**Problem to solve**:
Any picture in the listing is left out of the copy; all else is duplicated exactly.

**Provided data**:
────────────────

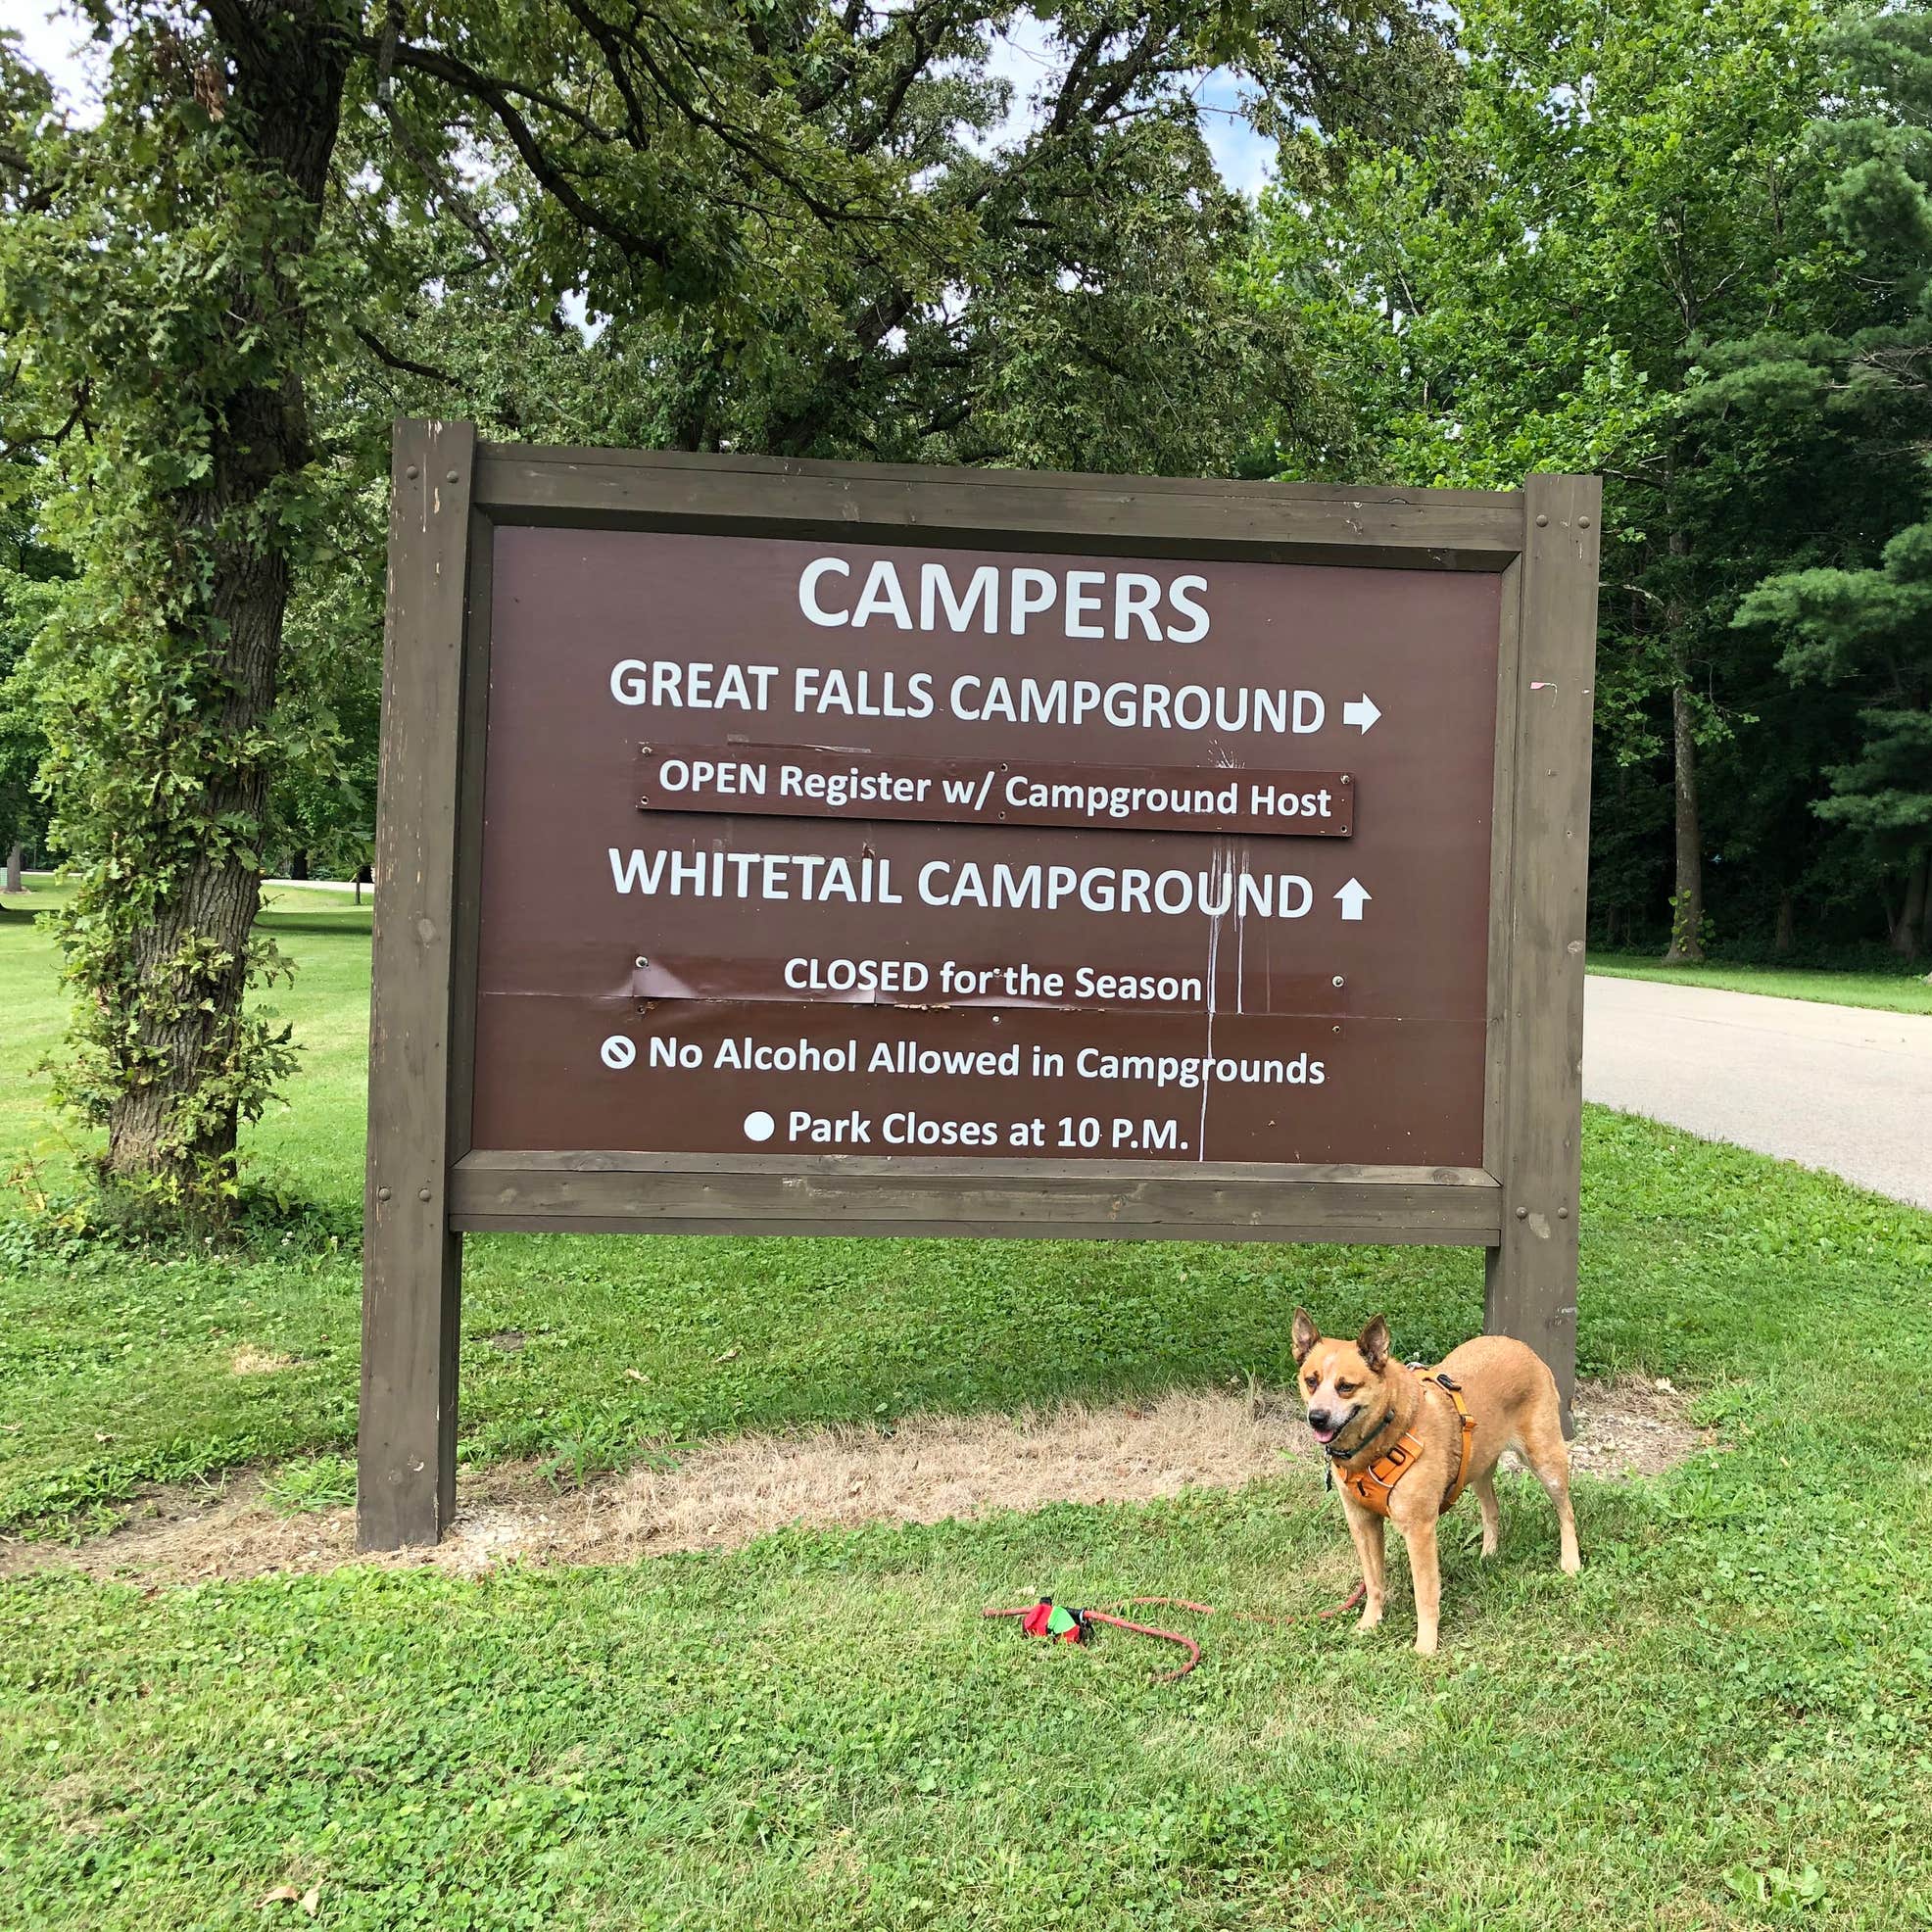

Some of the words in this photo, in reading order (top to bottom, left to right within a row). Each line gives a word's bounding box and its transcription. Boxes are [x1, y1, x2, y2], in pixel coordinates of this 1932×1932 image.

[798, 556, 1210, 644] CAMPERS
[609, 658, 780, 711] GREAT
[795, 667, 935, 718] FALLS
[950, 674, 1326, 734] CAMPGROUND
[659, 759, 767, 795] OPEN
[780, 765, 932, 806] Register
[942, 770, 995, 811] w/
[1005, 775, 1238, 818] Campground
[1251, 785, 1331, 817] Host
[608, 847, 903, 904] WHITETAIL
[918, 859, 1314, 919] CAMPGROUND
[784, 957, 929, 992] CLOSED
[940, 960, 993, 994] for
[1004, 963, 1064, 997] the
[1075, 967, 1201, 1001] Season
[650, 1037, 703, 1069] No
[713, 1037, 856, 1072] Alcohol
[867, 1040, 1020, 1076] Allowed
[1033, 1045, 1064, 1078] in
[1076, 1046, 1326, 1089] Campgrounds
[789, 1110, 871, 1143] Park
[882, 1111, 998, 1146] Closes
[1009, 1118, 1045, 1147] at
[1057, 1117, 1100, 1148] 10
[1112, 1118, 1188, 1150] P.M.

────────────────

**Solution to this task**:
Some of the words in this photo, in reading order (top to bottom, left to right within a row). Each line gives a word's bounding box and its transcription. Boxes are [x1, y1, x2, y2], in pixel coordinates of this 1932×1932 image.

[798, 556, 1210, 644] CAMPERS
[609, 658, 780, 711] GREAT
[795, 667, 935, 718] FALLS
[950, 674, 1326, 734] CAMPGROUND
[659, 759, 767, 795] OPEN
[780, 765, 932, 806] Register
[942, 770, 995, 811] w/
[1005, 775, 1238, 818] Campground
[1251, 785, 1331, 817] Host
[608, 847, 903, 904] WHITETAIL
[918, 859, 1314, 919] CAMPGROUND
[784, 957, 929, 992] CLOSED
[940, 960, 993, 994] for
[1004, 963, 1064, 997] the
[1075, 967, 1201, 1001] Season
[650, 1037, 703, 1069] No
[713, 1037, 856, 1072] Alcohol
[867, 1040, 1020, 1076] Allowed
[1033, 1045, 1064, 1078] in
[1076, 1046, 1326, 1089] Campgrounds
[789, 1110, 871, 1143] Park
[882, 1111, 998, 1146] Closes
[1009, 1118, 1045, 1147] at
[1057, 1117, 1100, 1148] 10
[1112, 1118, 1188, 1150] P.M.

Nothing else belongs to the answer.